Excerpted data:

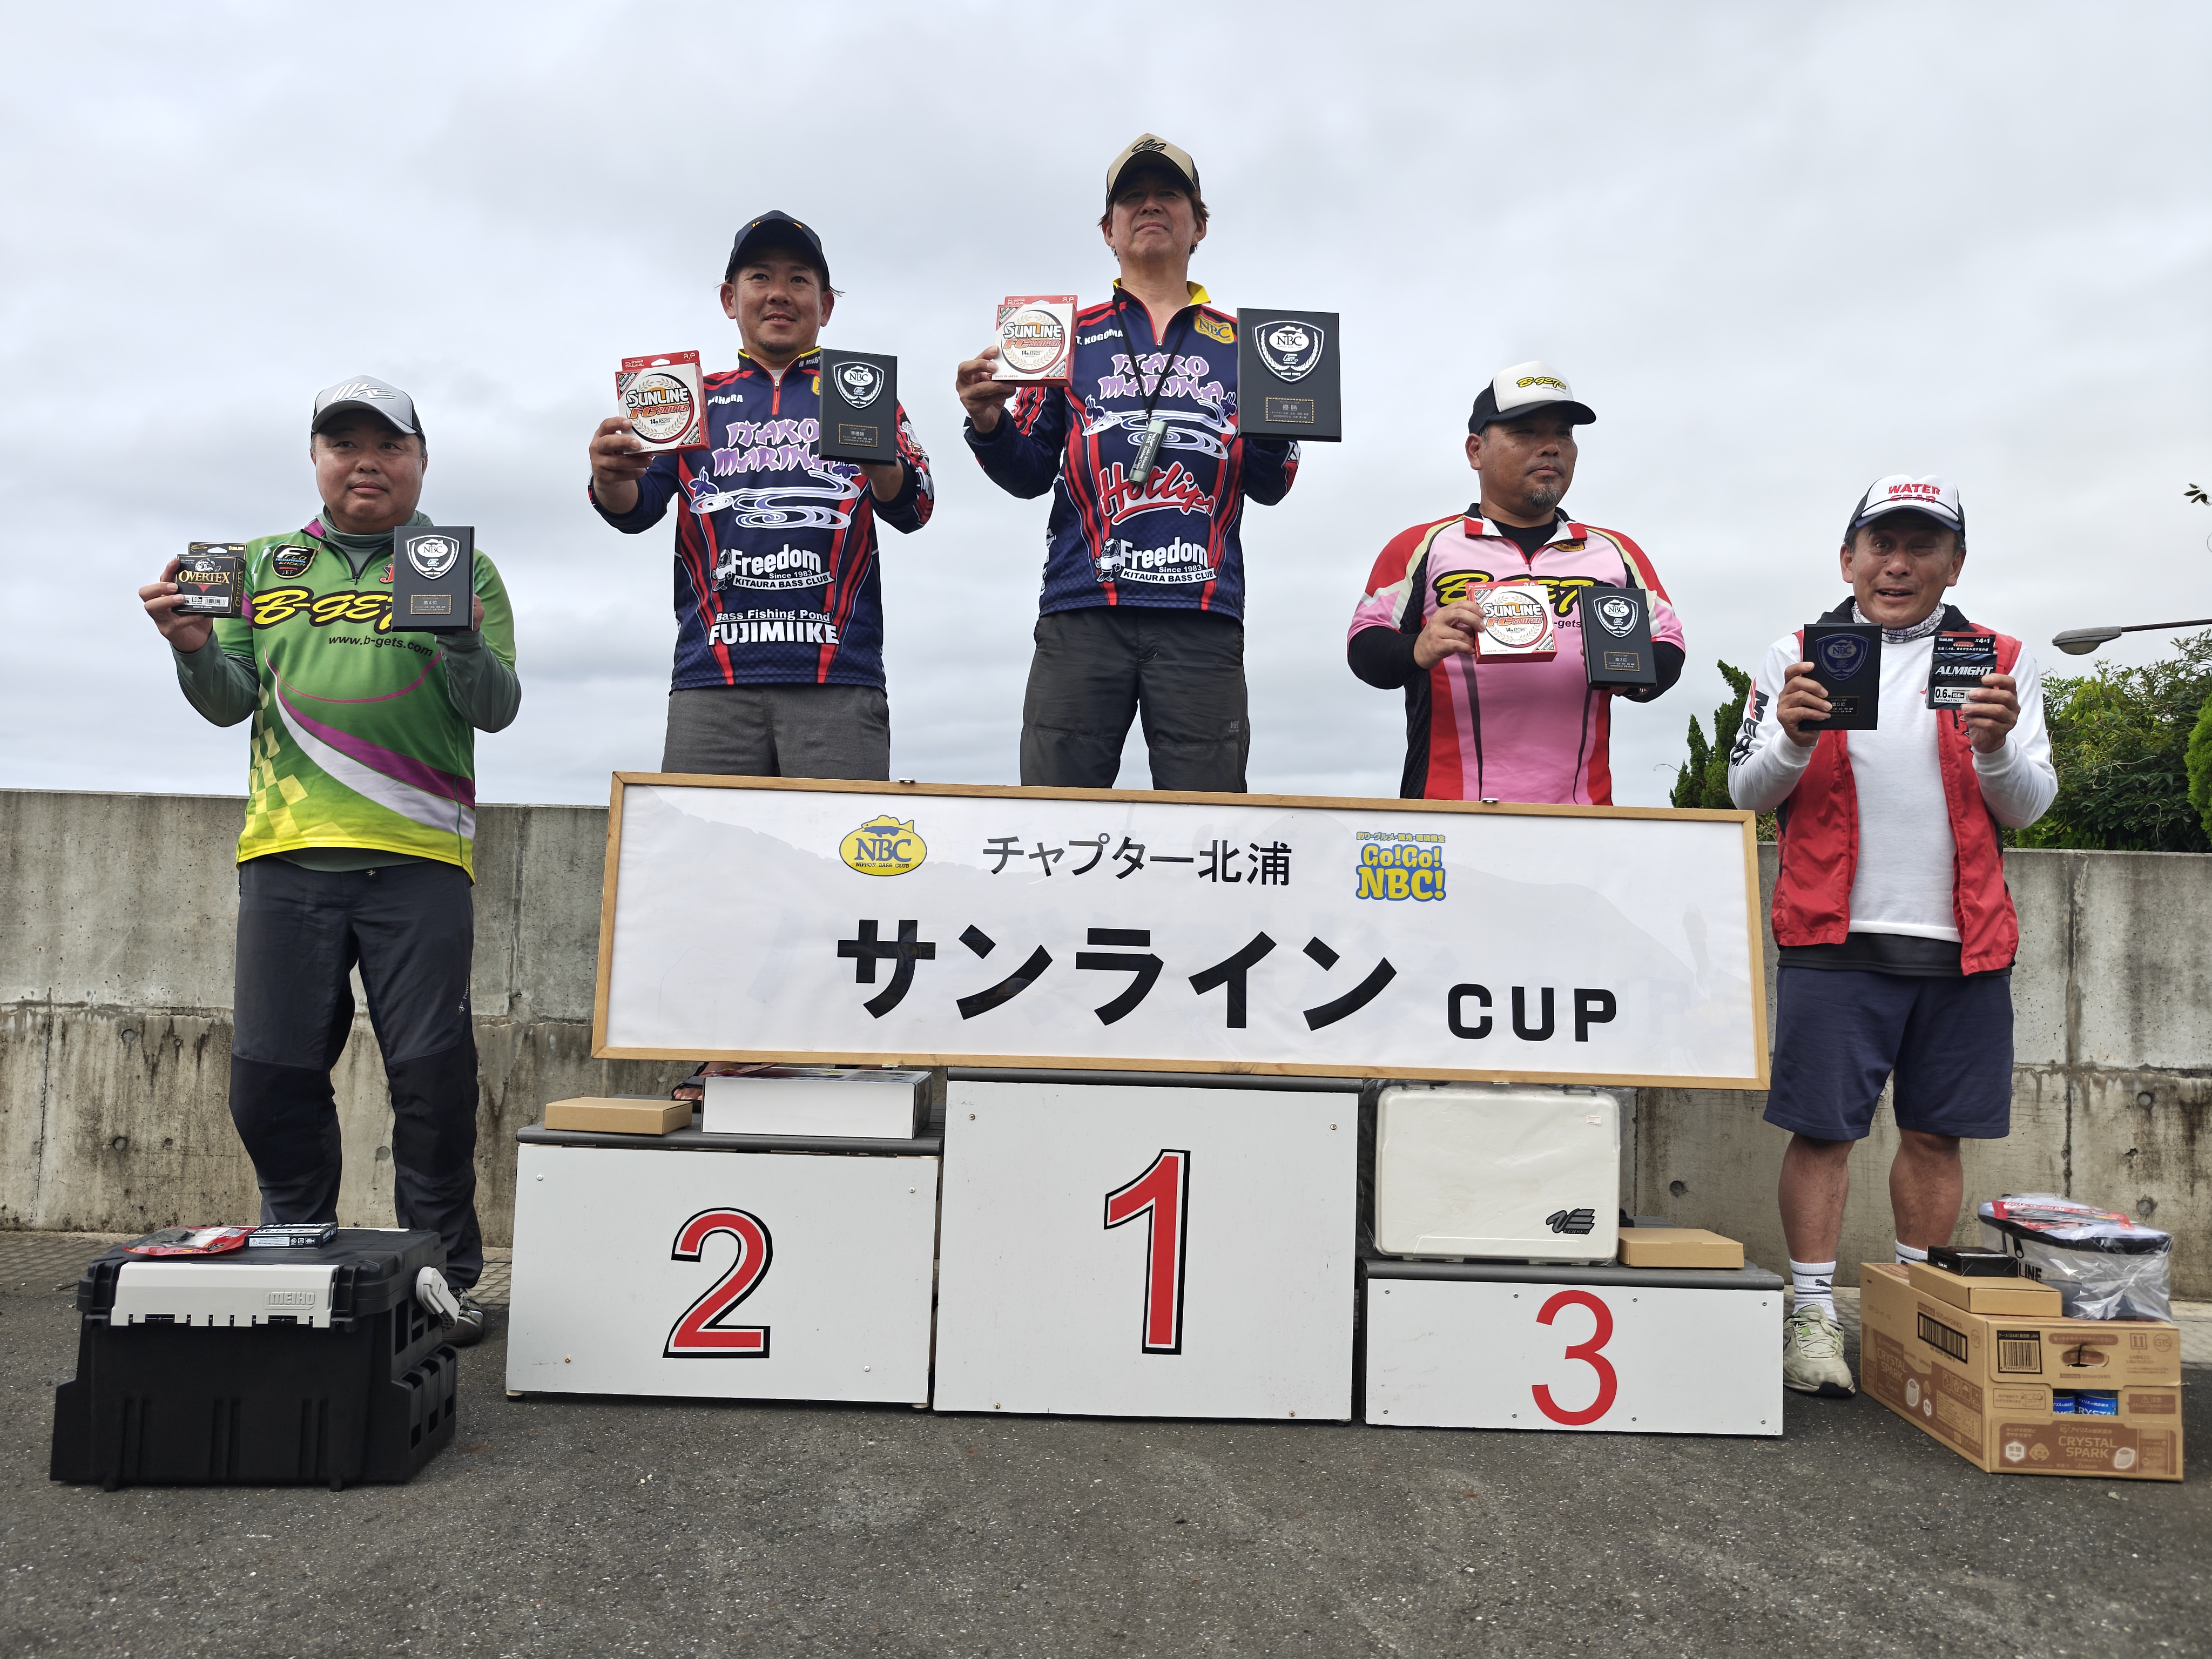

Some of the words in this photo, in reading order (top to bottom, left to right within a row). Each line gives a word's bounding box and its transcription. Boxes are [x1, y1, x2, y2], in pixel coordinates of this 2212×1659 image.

[1003, 322, 1062, 338] SUNLINE
[1075, 336, 1082, 345] T.
[1084, 328, 1123, 345] KOGOMA
[1198, 318, 1231, 339] NBC
[1003, 338, 1031, 349] FC
[1277, 335, 1303, 346] NBC
[1111, 353, 1210, 377] ITAKO
[849, 373, 868, 382] NBC
[1516, 377, 1566, 389] B-GETS
[626, 387, 689, 408] SUNLINE
[1097, 375, 1224, 404] MARINA
[629, 406, 657, 419] FC
[657, 404, 689, 415] SNIPER
[726, 419, 820, 447] ITAKO
[1100, 461, 1215, 517] Hotlips
[1888, 483, 1940, 495] WATER
[731, 544, 821, 576] Freedom
[1120, 537, 1208, 569] Freedom
[179, 570, 231, 584] OVERTEX
[735, 578, 776, 588] KITAURA
[806, 575, 829, 585] CLUB
[1123, 570, 1165, 582] KITAURA
[1195, 571, 1213, 580] CLUB
[716, 612, 743, 621] Bass
[747, 609, 795, 621] Fishing
[800, 610, 830, 622] Pond
[1483, 603, 1543, 617] SUNLINE
[1608, 605, 1626, 613] NBC
[1486, 617, 1512, 626] FC
[708, 622, 840, 645] FUJIMIIKE
[329, 635, 433, 657] www.b-gets.com
[1935, 666, 1993, 675] ALMIGHT
[854, 838, 912, 862] NBC
[983, 833, 1291, 885] チャプター北浦
[1363, 844, 1441, 868] Go!Go!
[1357, 866, 1444, 900] NBC!
[837, 920, 1397, 1031] サンライン
[1448, 984, 1616, 1042] CUP
[1104, 1149, 1190, 1355] 1
[663, 1207, 773, 1358] 2
[269, 1292, 315, 1305] MEIHO
[2155, 1339, 2171, 1347] G15
[1532, 1290, 1617, 1426] 3
[1877, 1348, 1907, 1373] CRYSTAL
[1881, 1361, 1903, 1383] SPARK
[2058, 1436, 2117, 1448] CRYSTAL
[2066, 1447, 2109, 1459] SPARK

How to complete this task:
Output every entry above exactly, minus the pictures.

The completed task:
Some of the words in this photo, in reading order (top to bottom, left to right within a row). Each line gives a word's bounding box and its transcription. Boxes are [x1, y1, x2, y2], in pixel coordinates of this 2212×1659 image.

[1003, 322, 1062, 338] SUNLINE
[1075, 336, 1082, 345] T.
[1084, 328, 1123, 345] KOGOMA
[1198, 318, 1231, 339] NBC
[1003, 338, 1031, 349] FC
[1277, 335, 1303, 346] NBC
[1111, 353, 1210, 377] ITAKO
[849, 373, 868, 382] NBC
[1516, 377, 1566, 389] B-GETS
[626, 387, 689, 408] SUNLINE
[1097, 375, 1224, 404] MARINA
[629, 406, 657, 419] FC
[657, 404, 689, 415] SNIPER
[726, 419, 820, 447] ITAKO
[1100, 461, 1215, 517] Hotlips
[1888, 483, 1940, 495] WATER
[731, 544, 821, 576] Freedom
[1120, 537, 1208, 569] Freedom
[179, 570, 231, 584] OVERTEX
[735, 578, 776, 588] KITAURA
[806, 575, 829, 585] CLUB
[1123, 570, 1165, 582] KITAURA
[1195, 571, 1213, 580] CLUB
[716, 612, 743, 621] Bass
[747, 609, 795, 621] Fishing
[800, 610, 830, 622] Pond
[1483, 603, 1543, 617] SUNLINE
[1608, 605, 1626, 613] NBC
[1486, 617, 1512, 626] FC
[708, 622, 840, 645] FUJIMIIKE
[329, 635, 433, 657] www.b-gets.com
[1935, 666, 1993, 675] ALMIGHT
[854, 838, 912, 862] NBC
[983, 833, 1291, 885] チャプター北浦
[1363, 844, 1441, 868] Go!Go!
[1357, 866, 1444, 900] NBC!
[837, 920, 1397, 1031] サンライン
[1448, 984, 1616, 1042] CUP
[1104, 1149, 1190, 1355] 1
[663, 1207, 773, 1358] 2
[269, 1292, 315, 1305] MEIHO
[2155, 1339, 2171, 1347] G15
[1532, 1290, 1617, 1426] 3
[1877, 1348, 1907, 1373] CRYSTAL
[1881, 1361, 1903, 1383] SPARK
[2058, 1436, 2117, 1448] CRYSTAL
[2066, 1447, 2109, 1459] SPARK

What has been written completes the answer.